How do I take money out?
You can withdraw money in a variety of ways – the most common being salaries and dividends – but you risk paying additional tax if you exceed annual allowances. The company will have been taxed on profits at the corporate rate, so if you pay yourself a salary on the proceeds you will be charged income tax as well, in addition to becoming liable for national insurance payments and so forth.
Since the simplest ways to withdraw funds cost extra, the obvious recourse is to defer the income and let it grow within the company, funding future investments. But it will eventually need to be withdrawn somehow.
The most tax-efficient ways to take money out or pass it on are available to people with big, happy families and long timeframes:
- Distribute profits as capital gains: each person gets an annual tax-free allowance of £11,000 on capital gains, even a ten-year-old
- Distribute profits as dividends: each person gets an annual tax-free allowance of £5,000 (though the chancellor’s 2017 spring budget announced a reduction to £2000, effective from April 2018)
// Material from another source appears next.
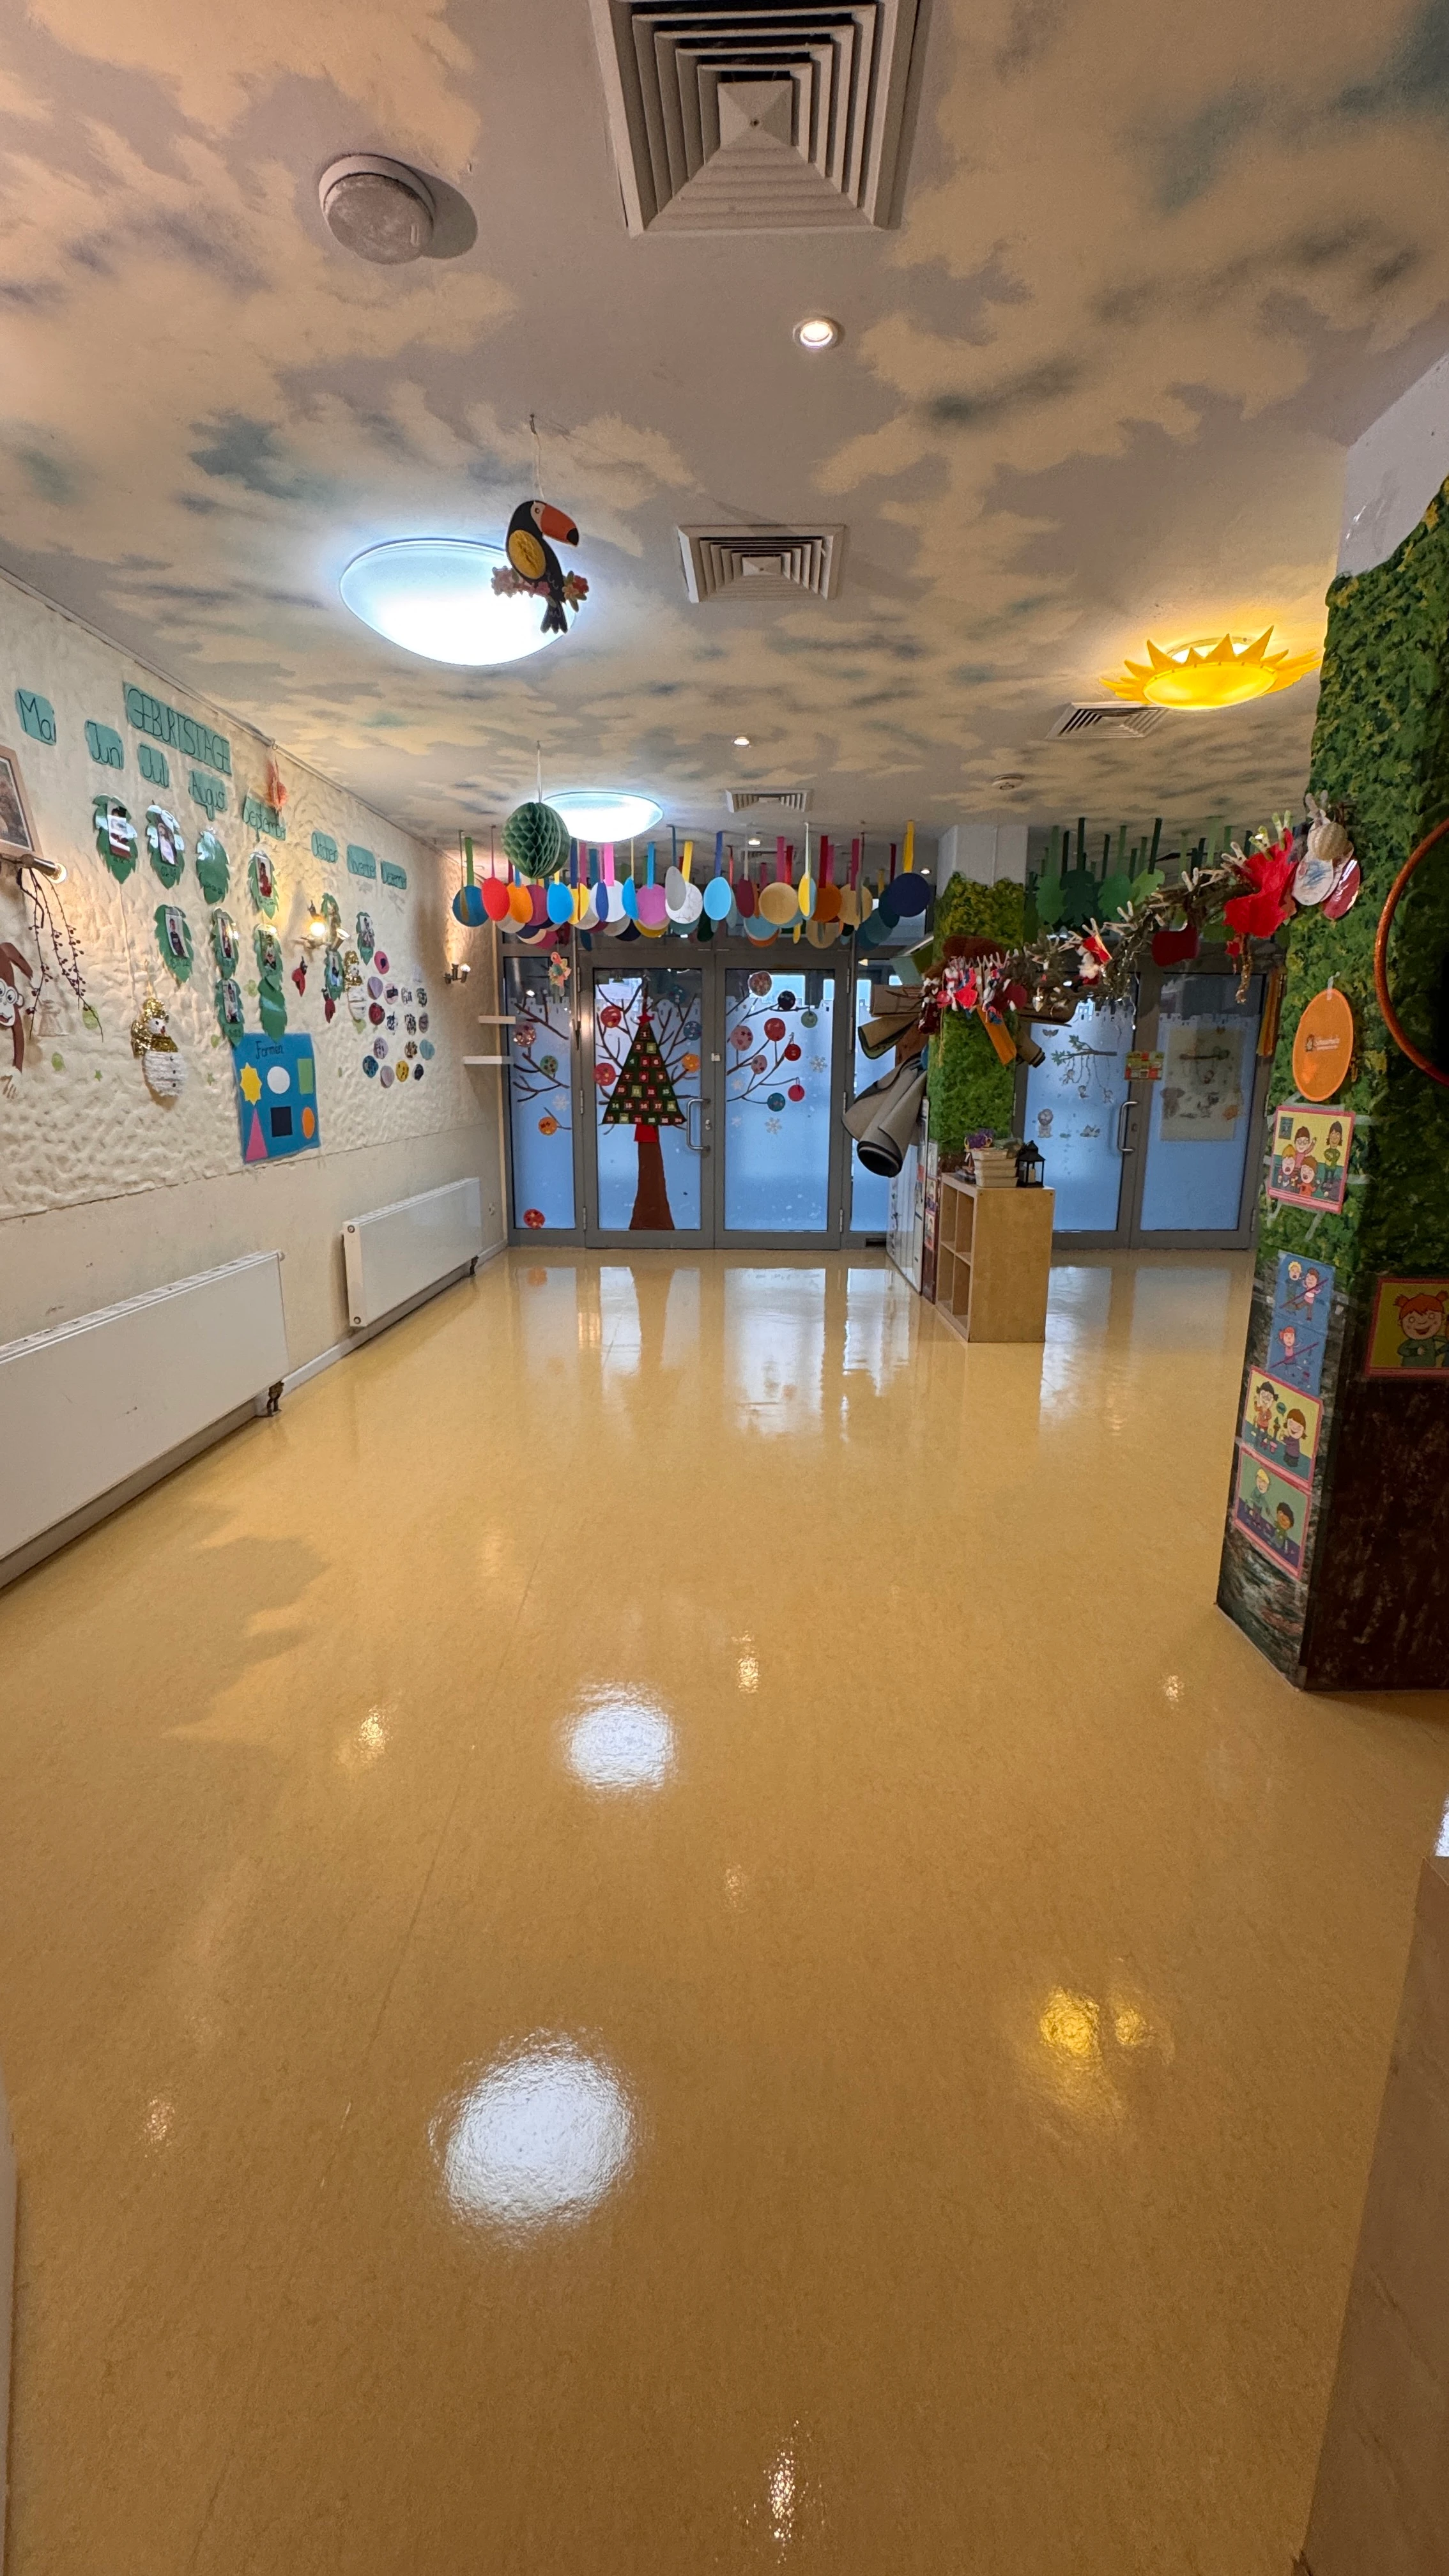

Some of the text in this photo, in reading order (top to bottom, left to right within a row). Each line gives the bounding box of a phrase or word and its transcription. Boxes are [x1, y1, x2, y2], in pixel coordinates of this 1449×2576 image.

- Use a positive director’s loan account, allowing the company to pay interest on funds loaned to the company by the director (and treat that interest as a deductible business expense)
- Issue B-shares to family members, with no need to deal with land registry documents
- Register properties in the names of lower-bracket family members
- Give the company to your children
A tax accountant will be able to explain how each of these methods work. Though it may seem complicated at first, money that finds its way into a company or grows within one is not trapped there forever.
What about closing the company?
In order to avoid paying the one-two punch of capital gains at sale and stamp duty at purchase, which would apply if you sold the properties to yourself as an individual, the company should only be closed when you are ready to sell the properties. Once they have been sold on the open market, we are then talking about the simpler matter of withdrawing cash rather than offloading bricks and mortar.
These funds are typically treated as a capital gain taxable on shares at 20%, though it can be as low as 7.5% if you have a basic rate paying spouse who can withdraw dividends over an extended period. Another option, especially applicable to larger portfolios, is to wind the company up using an insolvency provider. As with much else in this guide, it is best to seek advice from a specialist before exploring this path.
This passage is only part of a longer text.